The brothers of two separate victims of the Stardust fire experienced “survivor’s guilt” in the wake of their loved one’s death, the inquest has heard.
On Thursday, one man told the inquest he was traumatised after escaping the blaze, while the other was left with the thought of his brother’s suffering “tattooed” onto his brain.
The jury in the Dublin District Coroner’s Court heard from the relatives of Brendan O’Meara (23) and John Stout (18), two of the 48 people who died when the fire broke out in the Stardust nightclub in Artane in the early hours of February 14th, 1981.
Following on from the portrait of Mr O’Meara, read out on Wednesday by Brendan’s sister Margaret, a further pen portrait of Brendan written by his brother, Jimmy, was presented in the Pillar Room of the Rotunda Hospital on Thursday.
Jimmy, who was 21 when Brendan died, said Brendan was a brilliant Irish dancer at an international standard. He said he and Brendan had the same group of friends growing up, many of whom were killed in the fire.
“Brendan wasn’t quiet, and he wasn’t loud either. He would help anybody out in any way he could. He was very obliging and very decent. Nobody had a bad word to say about him,” Jimmy said.
On the night of the fire, Brendan invited Jimmy to go with him to the Stardust, but Jimmy did not accompany his brother because he was exhausted after work. In the early hours of the morning, Jimmy was asleep on the sofa when he was woken by two of their friends who were all black and covered in cuts.
When he arrived at the Stardust, he saw bodies covered which had been brought out on stretchers. He told the inquest of later going to Jervis Street hospital to see Brendan, who had black streaks down his back from melted burns.
“They had him lying on his front in a coma. His face looked sort of sunburnt and I think something had fallen on his leg,” Jimmy said, adding that Brendan died 10 days later on February 25th.
He said that their mother, Bridget, would still set the table for Brendan even after he had died.
I still feel so helpless thinking of him lying in hospital
“It was very upsetting, as the terrible reality would then hit her again. I still feel so helpless thinking of him lying in hospital on his front. The thought of him lying there, so heavily sedated – it’s like it’s tattooed onto my brain. It’s so plain to see and it’s so vivid. It’s a vision that will never leave me,” he said.
“I felt survivor’s guilt. You blame yourself. We would have escaped together if I’d been there. You’d have to experience that to know how it makes you feel. It stayed with me for years and years and I still have that burden to this day.”
Jimmy said he had been dreading the start of this inquest because the family had been hurt and disappointed repeatedly.
“It’s painful to do this. You think to yourself, ‘what’s the point in putting yourself through it?’ Are we going to be let down yet again? We need answers,” he said.

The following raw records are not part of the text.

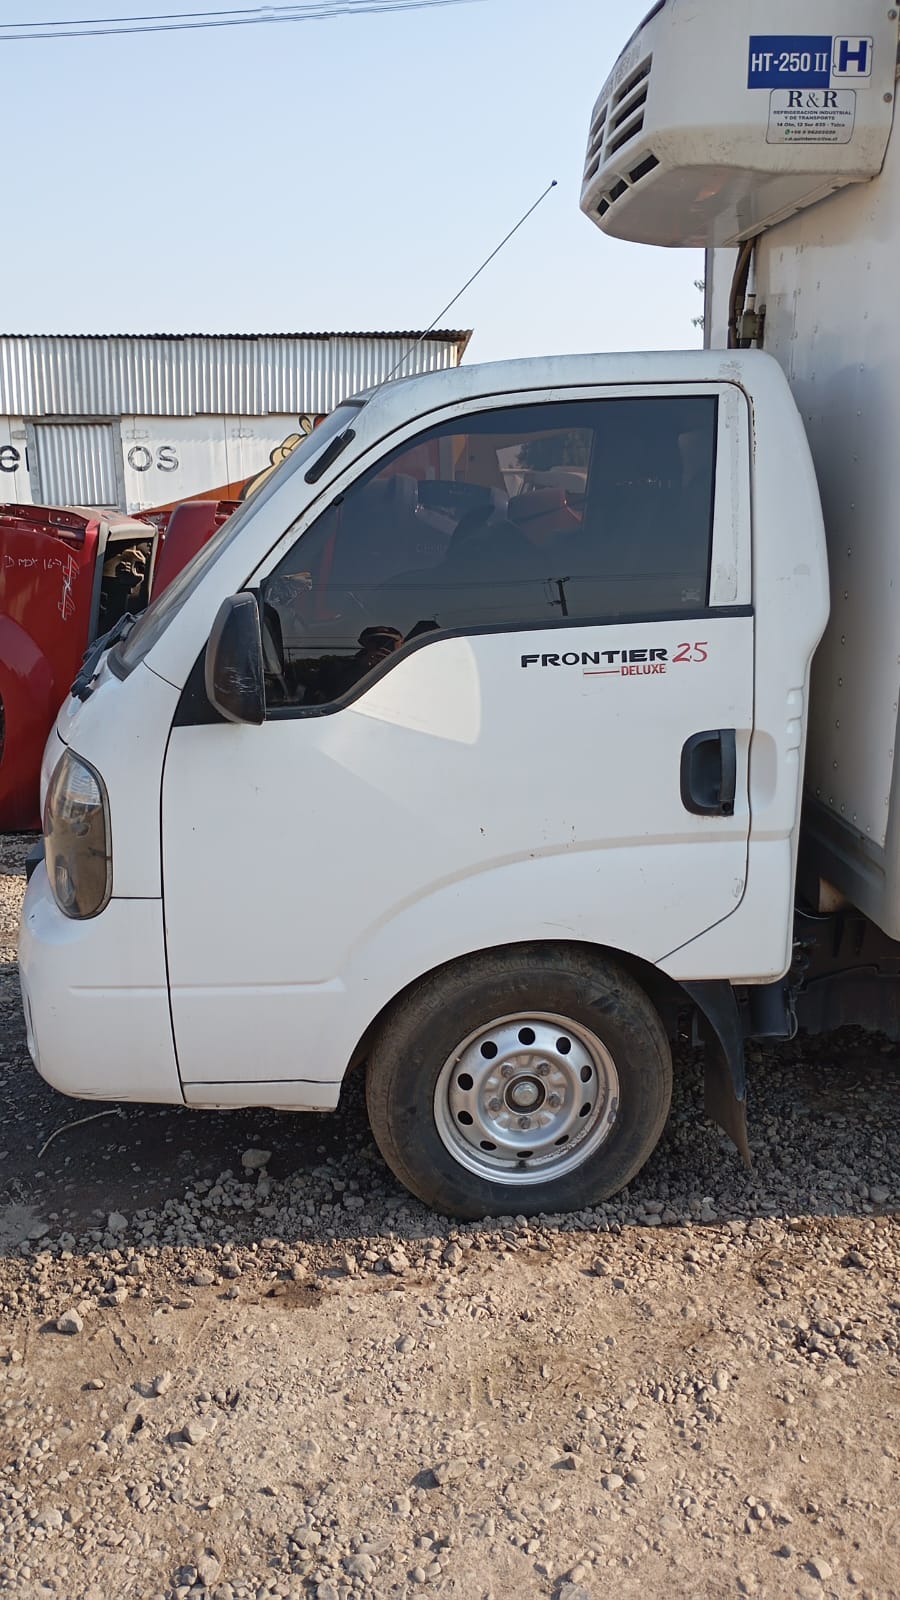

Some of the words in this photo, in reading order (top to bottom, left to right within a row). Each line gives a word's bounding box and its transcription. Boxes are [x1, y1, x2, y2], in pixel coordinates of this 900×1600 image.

[751, 52, 810, 71] HT-250
[520, 648, 668, 668] FRONTIER
[621, 664, 666, 676] DELUXE
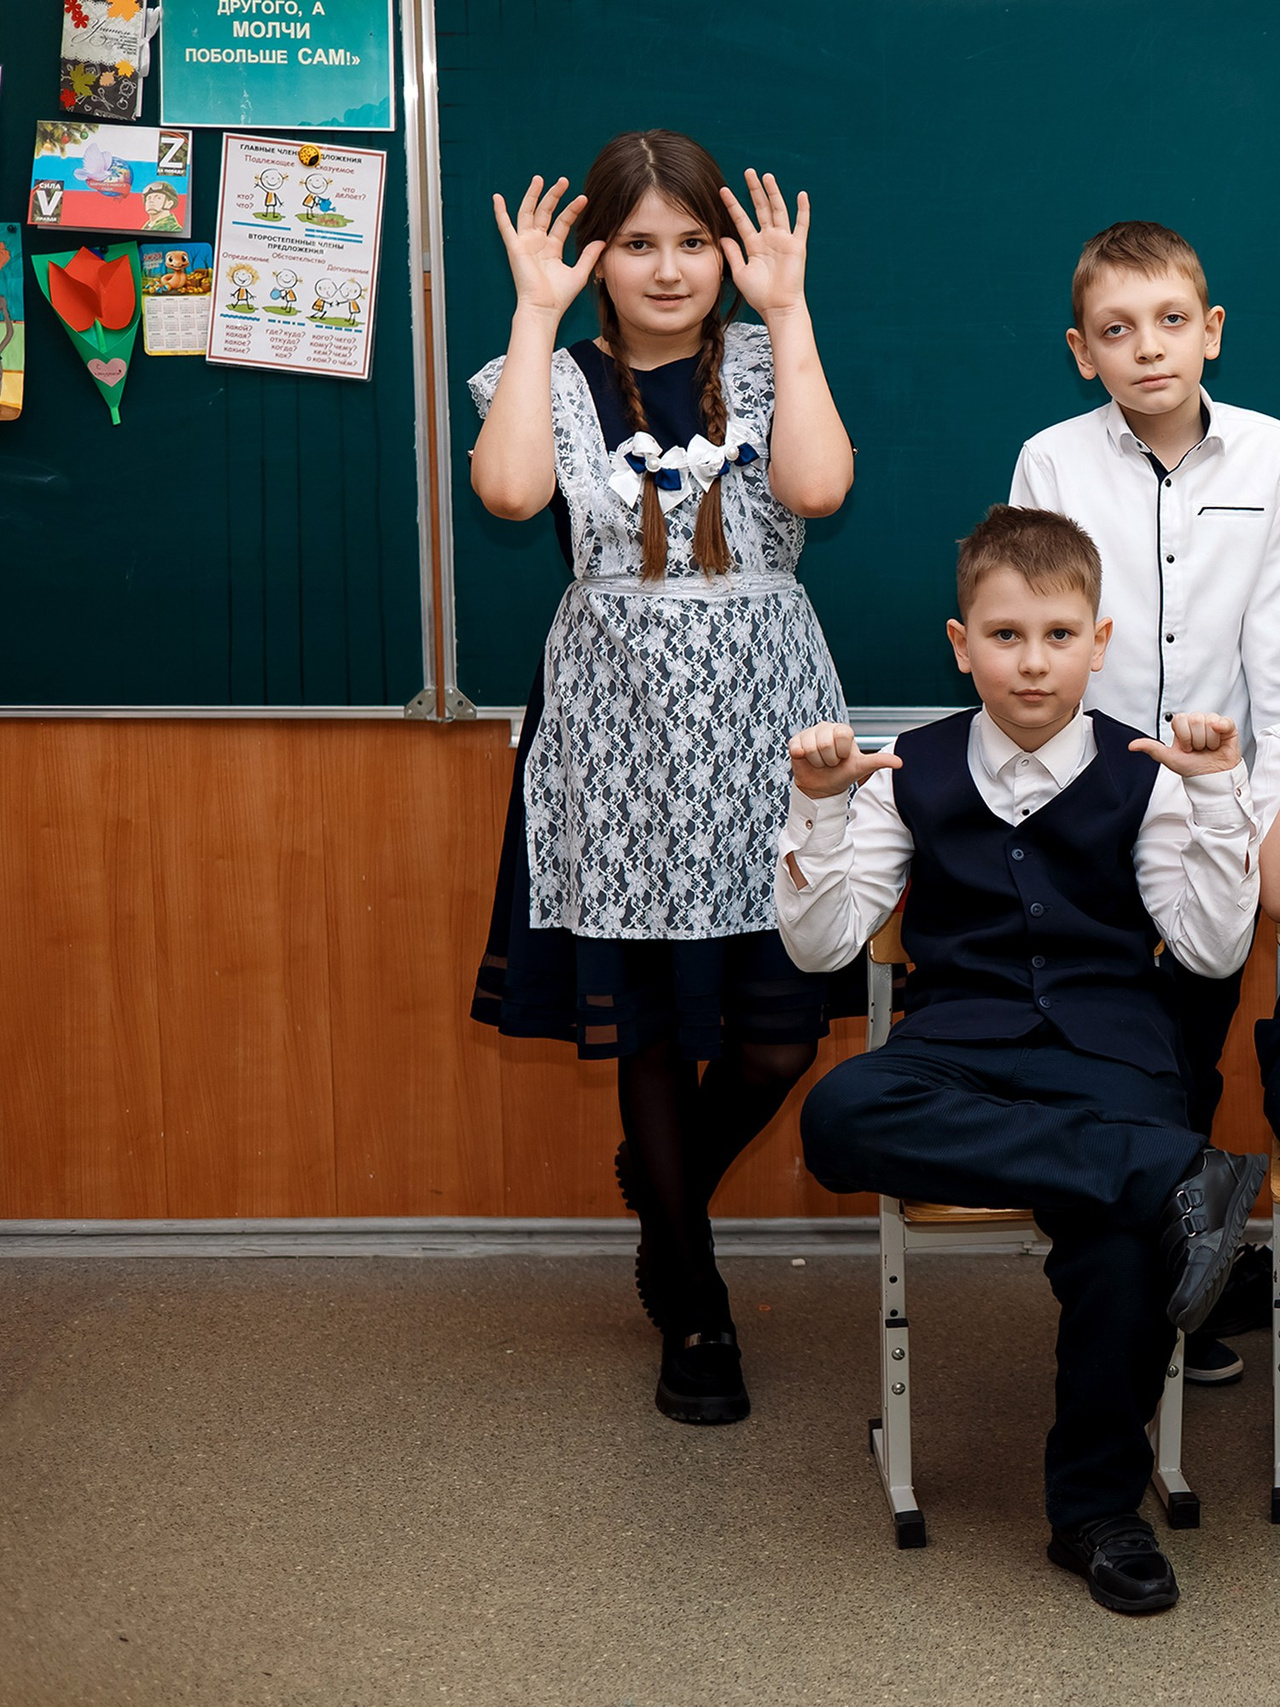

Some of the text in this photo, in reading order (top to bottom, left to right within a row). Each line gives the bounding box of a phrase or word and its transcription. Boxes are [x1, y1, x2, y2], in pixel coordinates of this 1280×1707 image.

[217, 0, 325, 17] ДРУГОГО, А
[232, 21, 311, 39] МОЛЧИ
[185, 47, 361, 66] ПОБОЛЬШЕ САМ!»
[159, 137, 185, 168] Z
[240, 144, 275, 154] ГЛАВНЫЕ
[277, 148, 300, 156] ЧЛЕН
[244, 155, 295, 167] Подлежащее
[314, 164, 355, 175] Сказуемое
[36, 190, 63, 215] V
[237, 193, 254, 201] кто?
[335, 193, 367, 201] делает?
[236, 202, 254, 210] что?
[248, 233, 344, 250] ВТОРОСТЕПЕННЫЕ ЧЛЕНЫ
[267, 243, 324, 255] ПРЕДЛОЖЕНИЯ
[222, 252, 269, 263] Определение
[272, 252, 326, 265] Обстоятельство
[225, 324, 253, 332] какой?
[225, 331, 252, 339] какая?
[312, 334, 334, 342] кого?
[223, 346, 251, 354] какие?
[310, 342, 333, 350] кому?
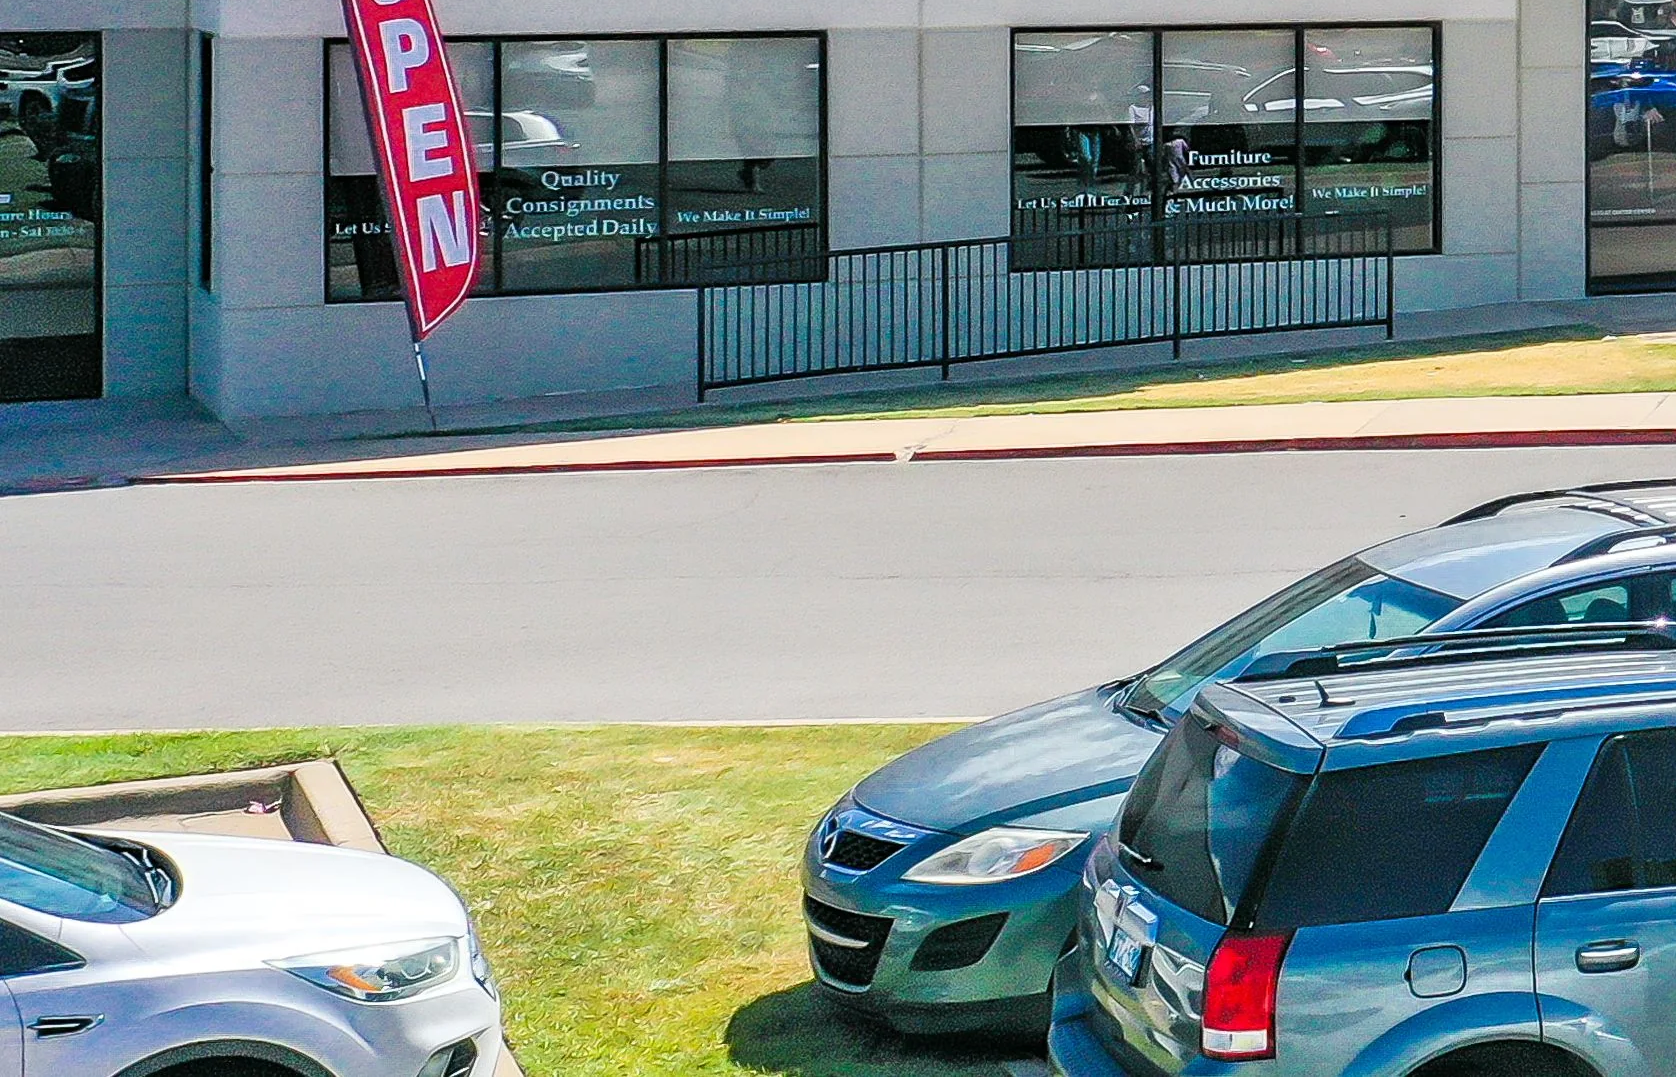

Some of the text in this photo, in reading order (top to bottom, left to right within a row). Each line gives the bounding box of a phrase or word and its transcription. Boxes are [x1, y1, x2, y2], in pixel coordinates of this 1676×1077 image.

[1188, 149, 1272, 166] Furniture
[541, 170, 621, 191] Quality
[1178, 172, 1280, 189] Accessories
[1312, 188, 1332, 199] We
[1335, 187, 1367, 198] Make
[506, 195, 655, 217] Consignments
[1018, 198, 1037, 209] Let
[1041, 197, 1057, 209] Us
[1185, 196, 1237, 212] Much
[1243, 194, 1295, 211] More!
[677, 211, 700, 223] We
[703, 210, 741, 222] Make
[336, 223, 357, 235] Let
[361, 222, 381, 234] Us
[502, 218, 658, 242] Accepted Daily
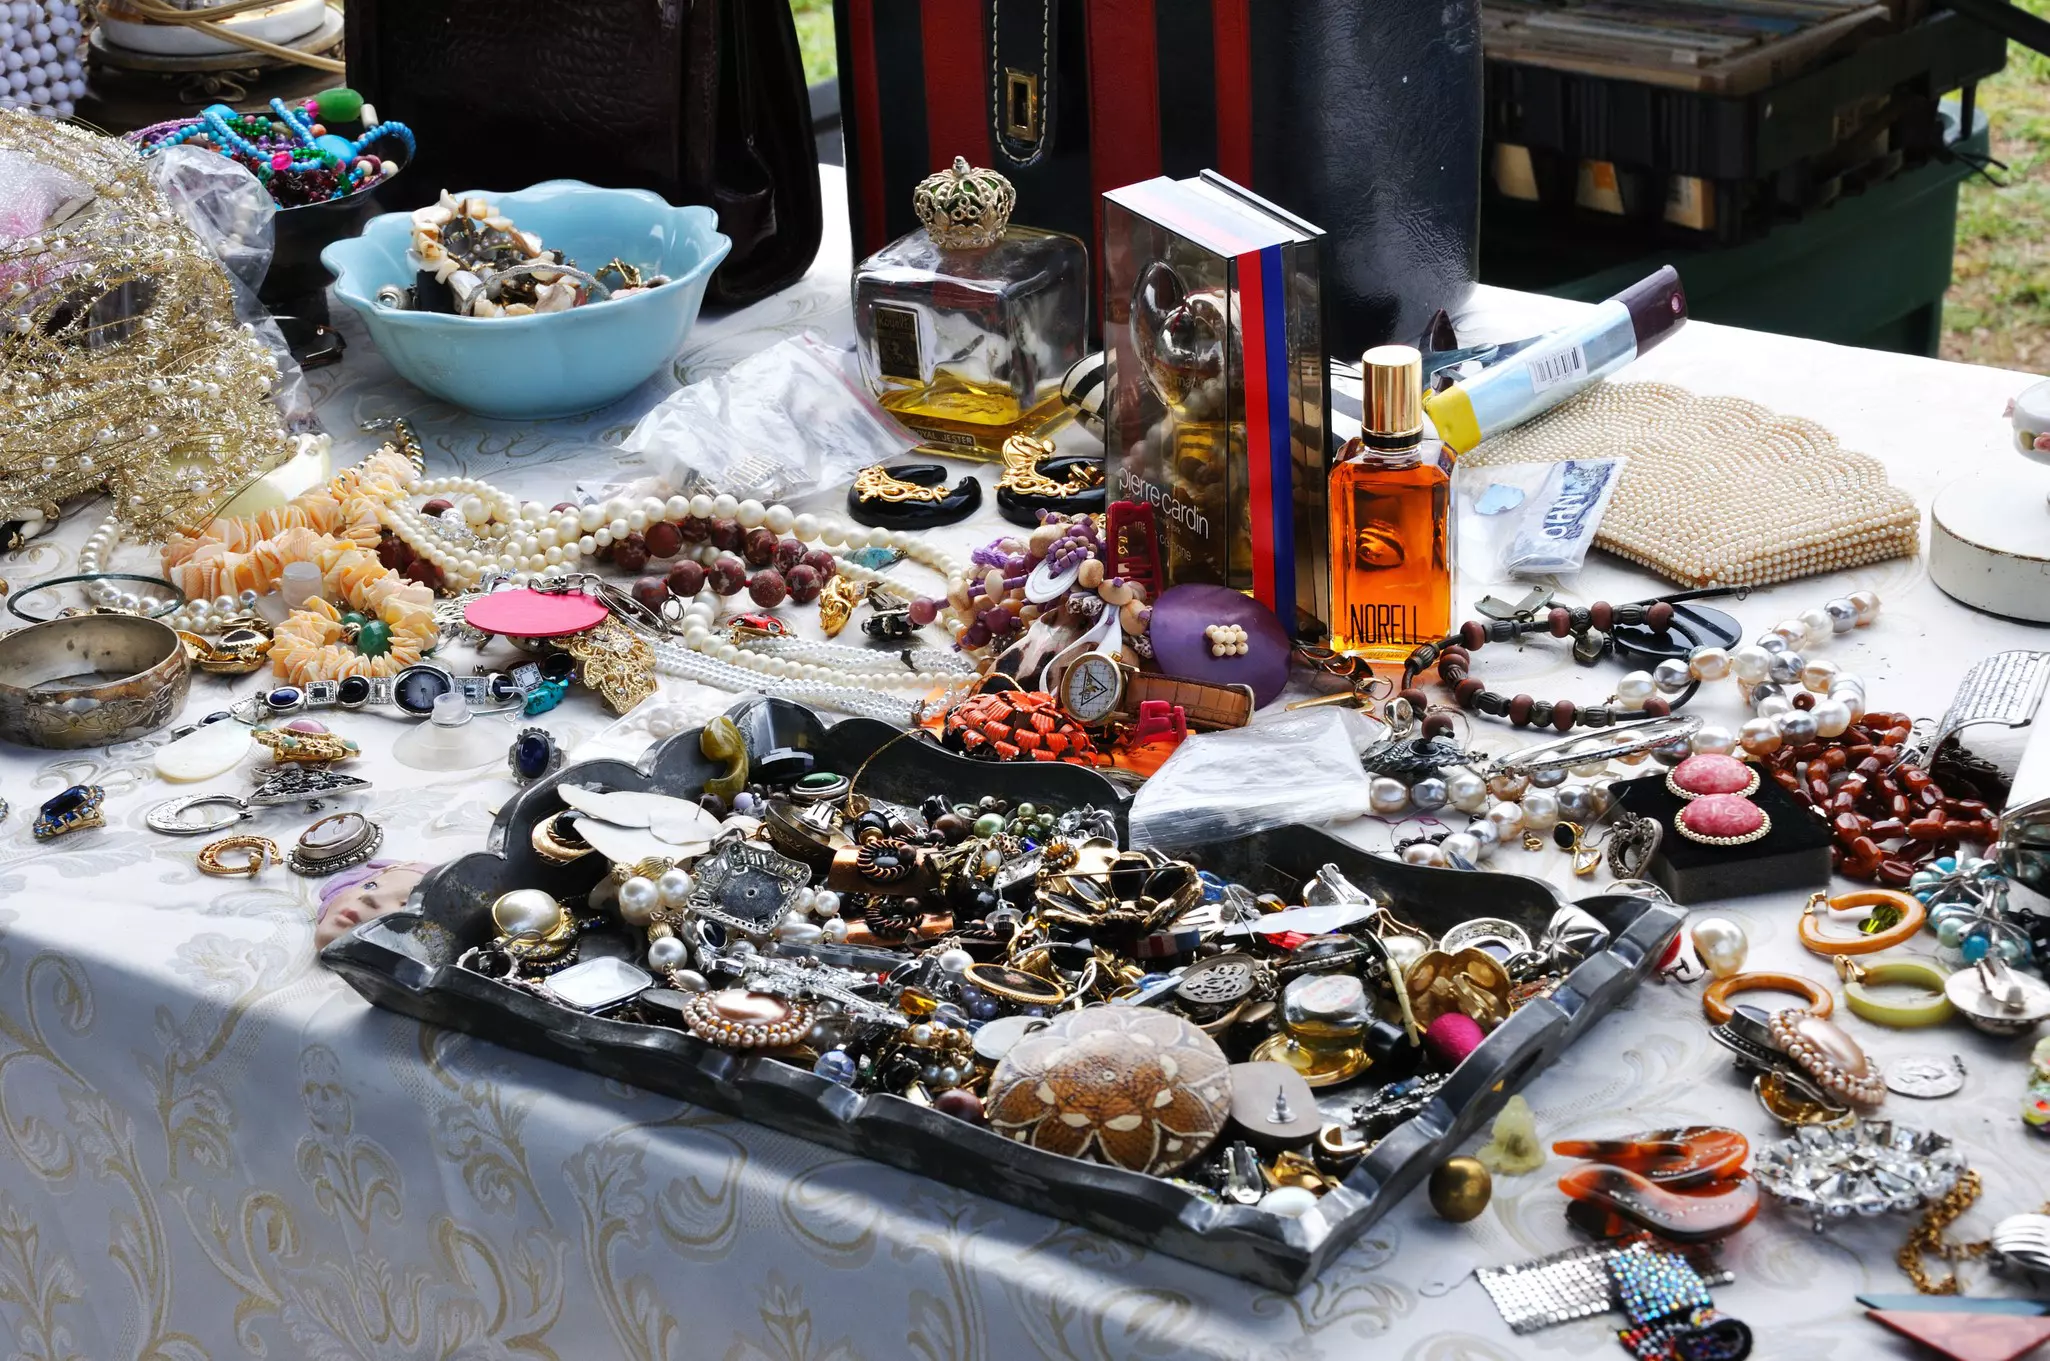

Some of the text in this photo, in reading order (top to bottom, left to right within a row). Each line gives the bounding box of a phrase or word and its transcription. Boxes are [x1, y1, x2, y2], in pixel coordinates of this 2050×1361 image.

[942, 433, 973, 445] JESTER
[1119, 465, 1161, 508] pierre
[1161, 492, 1210, 540] cardin
[1351, 603, 1425, 645] NORELL

The jury also heard a pen portrait of Mr Stout, presented by his niece, Allison Forrester. Allison described John as a particularly quiet 18 year old, who was very sensitive and gentle. He disliked conflict, was very cautious, and was good at school.
“The family was a very close one and John was very conscious of the need to get a job to contribute to the household to help his parents,” Allison said.
She said John went to the Stardust with his girlfriend, Helena Mangan, who was also killed in the fire. They sat with a group which included John’s brother, Lawrence, known as Larry.
“The first that the family became aware that anything was wrong that night was the sound of banging on their front door, as friends of the boys, with blood on their shirts, told of fire at the Stardust,” Allison said.
“The visit to the morgue was traumatic. As a family, we always said that John’s mother lost even more than one son in the fire. After getting burnt, Larry was changed as a young man. He carried a lot of survivor’s guilt and trauma. He was self-conscious of his injuries.”
Allison said the behaviour of the whole family abruptly changed. There was a constant fear of fire, and the family stopped using candles. She said in deeper ways, there was a permanent change of atmosphere as the family was broken-hearted.
“John has always been talked about by our family. His birthday and anniversary never pass unmarked. In fact, we remember him all the time because it’s often said about some little thing that happens or some remark that’s made – ‘that reminds me of John’,” she said.
Allison concluded: “As a family, we want the inquest to help us find closure. After all these years, justice would help bring us peace so we don’t remain unsettled.”